The buildings and/or the surrounding area have been officially recognized on the city, state and federal levels. Stonewall became the first LGBT site in the country to be listed on the National Register of Historic Places (1999) and named a National Historic Landmark (2000). The nomination, available in the “Read More” section below, was written by Dolkart, with Shockley, using, in part, research from David Carter (who published his Stonewall: The Riots that Sparked the Gay Revolution book in 2004).

Stonewall was later designated a New York City Landmark by the NYC Landmarks Preservation Commission in 2015, a New York State Historic Site by Governor Andrew Cuomo in 2016, and a National Monument by President Barack Obama in 2016, which included advocacy efforts by Lustbader.

Entry by Andrew S. Dolkart, Jay Shockley, and Ken Lustbader, project directors (March 2017; last revised June 2021).

NOTE: Names above in bold indicate LGBT people.

Building Information

  • Architect or Builder: William Bayard Willis (1930 alteration)
  • Year Built: 1930, two existing buildings combined with one façade

Sources

  1. Christopher D. Brazee, Corrine Engelbert, and Gale Harris, Stonewall Inn Designation Report (New York: Landmarks Preservation Commission, 2015).

  2. David Carter, Andrew Scott Dolkart, Gale Harris, and Jay Shockley, “Stonewall,” National Register of Historic Places Nomination Form (New York, January 1999).

  3. David Carter, Stonewall: The Riots That Sparked the Gay Revolution (New York: St. Martin’s Press, 2004).

  4. Franklin Kameny, “Stonewall: Myth, Magic and Mobilization,” Public Radio International, 1994. [source of pull quote]

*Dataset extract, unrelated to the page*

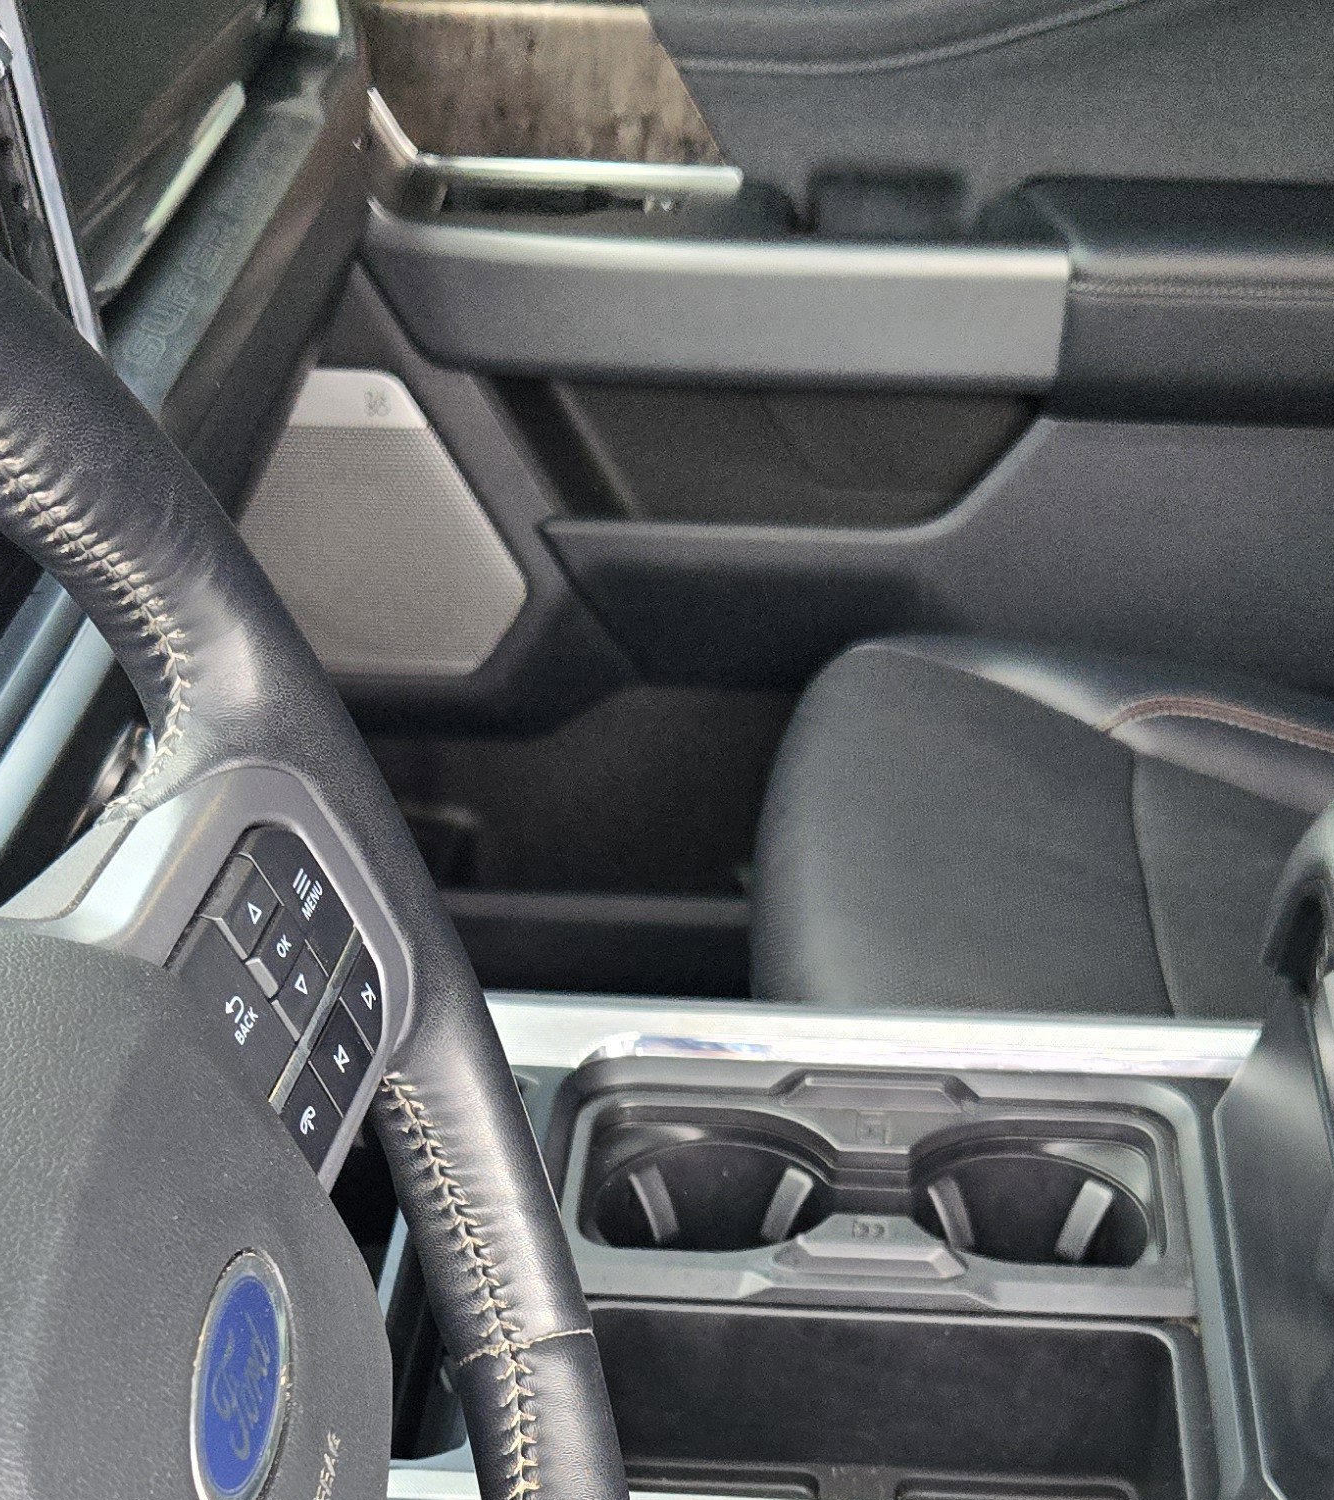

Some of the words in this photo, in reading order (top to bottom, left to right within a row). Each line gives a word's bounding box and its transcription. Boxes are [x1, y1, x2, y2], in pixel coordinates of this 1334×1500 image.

  5. Fred W. McDarrah and Timothy S. McDarrah, Gay Pride: Photographs from Stonewall to Today (New York: A Capella Books, 1994).

  6. Lillian Faderman, Odd Girls and Twilight Lovers: A History of Lesbian Life in Twentieth-Century America (New York: Penguin, 1991). [source of Faderman quote, p. 195]

  7. Martin Duberman, Stonewall (New York: Dutton, 1993).

    1. NYC LGBT Historic Sites Project, Making Gay History, New York Public Library, GLSEN, National Parks Conservation Association, and the Stonewall 50 Consortium, Stonewall: The Basics, 2019, bit.ly/3ueDLZu.